Spatial localization data:
==================================================
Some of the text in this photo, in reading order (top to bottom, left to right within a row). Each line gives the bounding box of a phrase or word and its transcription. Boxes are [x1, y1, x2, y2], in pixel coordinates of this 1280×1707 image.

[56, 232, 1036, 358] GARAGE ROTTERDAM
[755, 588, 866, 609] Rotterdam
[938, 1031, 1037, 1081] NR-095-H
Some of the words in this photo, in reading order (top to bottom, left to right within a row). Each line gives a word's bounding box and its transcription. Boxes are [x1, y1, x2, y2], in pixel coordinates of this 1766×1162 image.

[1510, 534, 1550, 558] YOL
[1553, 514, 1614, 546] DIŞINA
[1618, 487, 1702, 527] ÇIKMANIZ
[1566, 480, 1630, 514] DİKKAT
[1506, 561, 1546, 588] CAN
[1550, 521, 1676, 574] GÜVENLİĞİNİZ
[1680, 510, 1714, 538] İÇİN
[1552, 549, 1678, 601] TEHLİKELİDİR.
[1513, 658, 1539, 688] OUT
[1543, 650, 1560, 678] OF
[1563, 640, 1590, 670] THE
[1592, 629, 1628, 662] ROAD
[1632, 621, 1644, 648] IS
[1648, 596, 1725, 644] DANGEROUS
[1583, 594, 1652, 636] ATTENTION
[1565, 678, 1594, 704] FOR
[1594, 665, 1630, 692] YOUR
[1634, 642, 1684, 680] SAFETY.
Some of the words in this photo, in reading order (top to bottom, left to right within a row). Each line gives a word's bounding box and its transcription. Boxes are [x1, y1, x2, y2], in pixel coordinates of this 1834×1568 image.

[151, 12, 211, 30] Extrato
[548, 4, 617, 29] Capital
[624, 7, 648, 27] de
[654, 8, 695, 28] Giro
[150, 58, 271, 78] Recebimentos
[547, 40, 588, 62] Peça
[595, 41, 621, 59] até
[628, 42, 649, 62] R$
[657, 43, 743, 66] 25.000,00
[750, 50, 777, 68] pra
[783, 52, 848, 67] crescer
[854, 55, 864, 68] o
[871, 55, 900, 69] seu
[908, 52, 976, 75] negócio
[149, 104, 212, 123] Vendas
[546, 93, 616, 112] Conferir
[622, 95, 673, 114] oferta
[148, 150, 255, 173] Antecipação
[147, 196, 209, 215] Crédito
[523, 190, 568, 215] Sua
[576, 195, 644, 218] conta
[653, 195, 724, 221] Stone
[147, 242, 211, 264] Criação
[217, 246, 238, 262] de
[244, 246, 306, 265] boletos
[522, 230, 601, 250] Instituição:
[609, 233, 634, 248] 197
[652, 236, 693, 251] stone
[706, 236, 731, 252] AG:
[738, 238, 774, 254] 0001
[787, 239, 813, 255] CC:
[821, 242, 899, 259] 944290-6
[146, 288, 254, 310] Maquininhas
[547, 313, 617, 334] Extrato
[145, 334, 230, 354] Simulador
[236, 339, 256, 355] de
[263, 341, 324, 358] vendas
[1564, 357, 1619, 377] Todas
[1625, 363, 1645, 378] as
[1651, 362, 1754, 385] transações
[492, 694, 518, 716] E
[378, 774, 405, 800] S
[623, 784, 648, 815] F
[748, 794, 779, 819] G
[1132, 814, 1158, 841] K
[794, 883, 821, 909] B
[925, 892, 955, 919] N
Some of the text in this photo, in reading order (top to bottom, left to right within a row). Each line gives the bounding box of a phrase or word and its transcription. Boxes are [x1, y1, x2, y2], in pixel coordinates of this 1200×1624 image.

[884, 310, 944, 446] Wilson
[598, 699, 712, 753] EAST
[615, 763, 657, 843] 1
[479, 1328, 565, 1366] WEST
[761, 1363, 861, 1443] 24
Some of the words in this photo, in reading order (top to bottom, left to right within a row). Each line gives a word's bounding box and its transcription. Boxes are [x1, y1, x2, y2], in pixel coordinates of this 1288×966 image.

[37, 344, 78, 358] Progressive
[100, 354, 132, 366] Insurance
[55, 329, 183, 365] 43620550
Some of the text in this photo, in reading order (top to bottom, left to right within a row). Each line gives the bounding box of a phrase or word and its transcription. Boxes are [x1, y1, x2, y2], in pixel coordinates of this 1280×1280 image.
==================================================
**Work to complete:** Reproduce exactly the lines from the one containing "this 1288×966 image." through the last line of the records, both included, and nothing else.

**Response:**
Some of the words in this photo, in reading order (top to bottom, left to right within a row). Each line gives a word's bounding box and its transcription. Boxes are [x1, y1, x2, y2], in pixel coordinates of this 1288×966 image.

[37, 344, 78, 358] Progressive
[100, 354, 132, 366] Insurance
[55, 329, 183, 365] 43620550
Some of the text in this photo, in reading order (top to bottom, left to right within a row). Each line gives the bounding box of a phrase or word and its transcription. Boxes are [x1, y1, x2, y2], in pixel coordinates of this 1280×1280 image.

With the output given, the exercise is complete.